Refn caratterizza a tal punto questa figura di eroe, che lo stunt durante le rapine e durante tutta la vendetta/punizione indossa un costume. I guanti di pelle e la giacca argentata con lo scorpione sulla schiena è il costume da supereroe di Gosling, che porta con fierezza fino alla fine del film.

Come nei precedenti film di Refn, anche in questo la dose di violenza è alta, a volte veramente truculenta. Come già detto per Valhalla Rising, però, la violenza di Refn è una violenza di classe. Emblematica la scena dell’ascensore, dove prima bacia Irene e la protegge col suo corpo, poi si scaglia sul sicario della mafia, colpendolo con gli stivali fino a spappolargli la testa; il tutto accompagnato da una colonna sonora calma e rilassata. Refn lascia la violenza sullo sfondo. Ce la fa vedere nel suo complesso e nel suo orrore, ma la smorza e la rende accettabile grazie alle musiche e alle inquadrature. Il personaggio di Gosling, intanto, alterna le sue personalità: da quieto ragazzo che si sporca le mani in officina per due soldi a furioso omicida psicopatico. Le due facce di un eroe suburbano.

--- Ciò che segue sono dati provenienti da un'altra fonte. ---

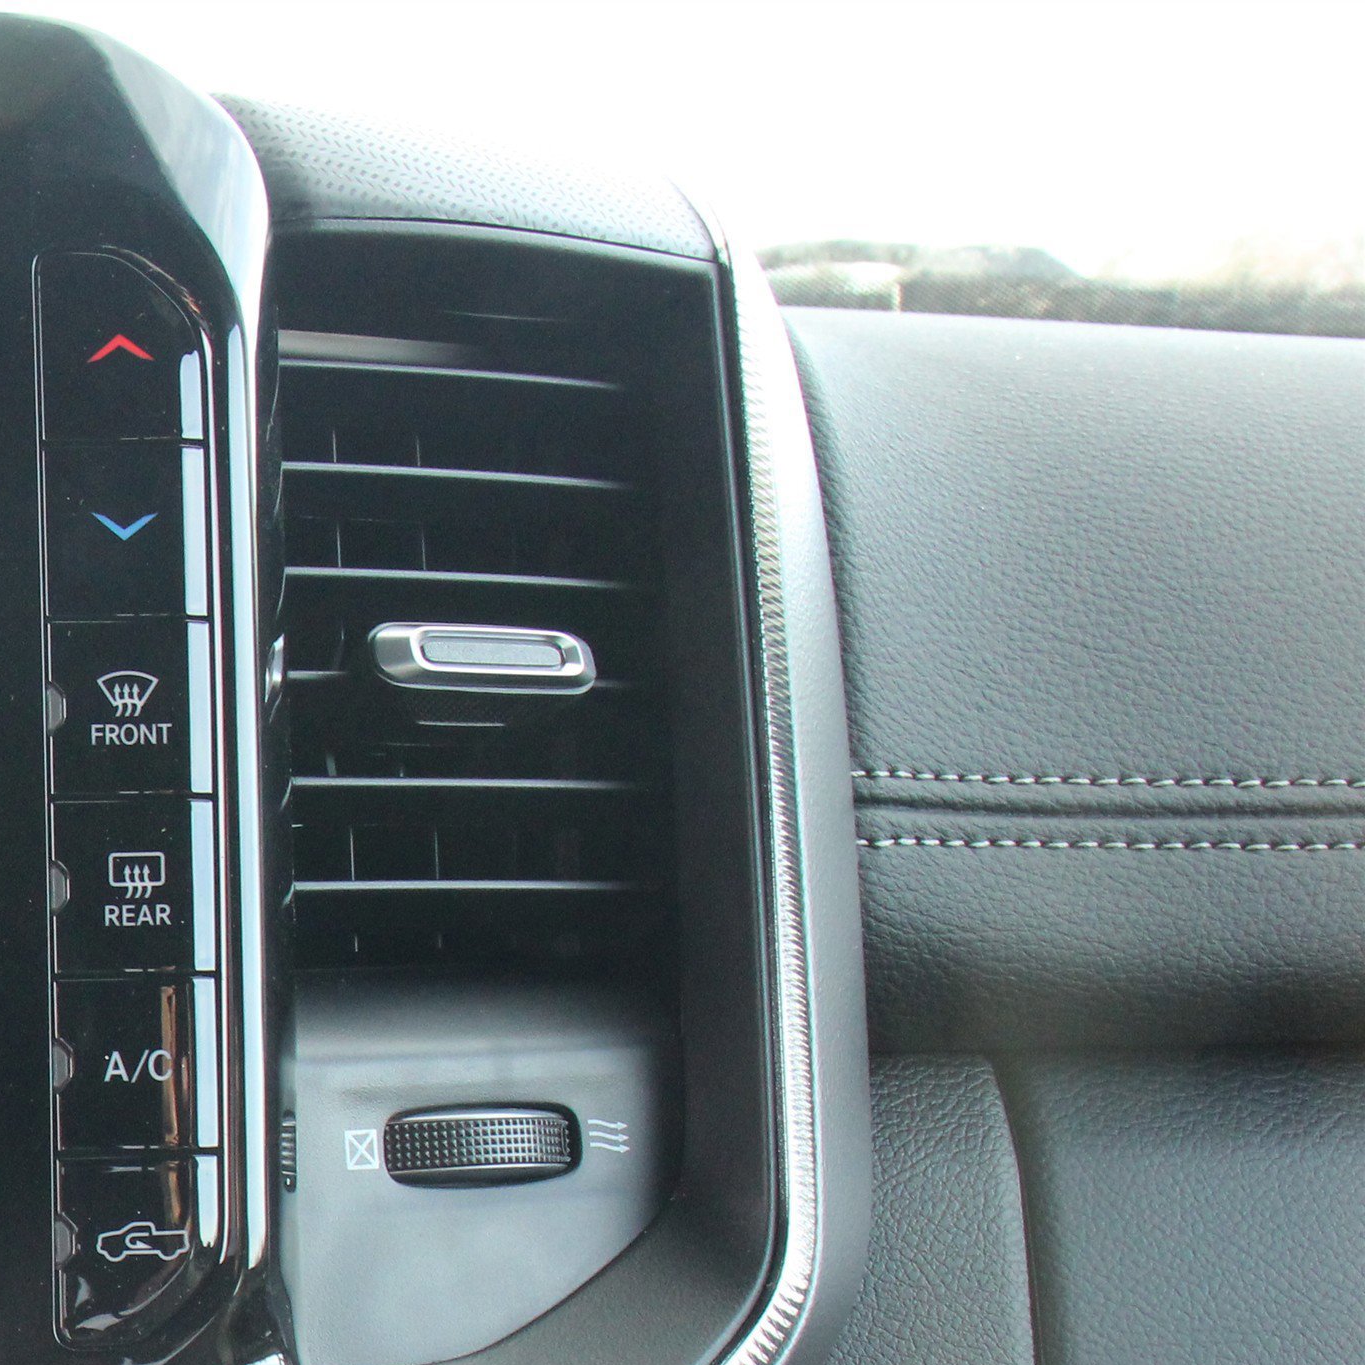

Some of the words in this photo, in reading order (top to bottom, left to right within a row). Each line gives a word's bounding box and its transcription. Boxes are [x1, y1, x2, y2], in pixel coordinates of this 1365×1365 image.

[90, 723, 172, 746] FRONT
[104, 904, 171, 927] REAR
[104, 1049, 174, 1083] A/C

Da citare anche l’esempio di metacinema messo in campo da Refn, nel momento in cui Gosling indossa una maschera cinematografica per compiere il suo ultimo omicidio, oltre che la stupenda colonna sonora che accompagna il film, che ricorda molto le musiche anni ’80 dei film d’azione e che già aveva proposto in una scena di Bronson.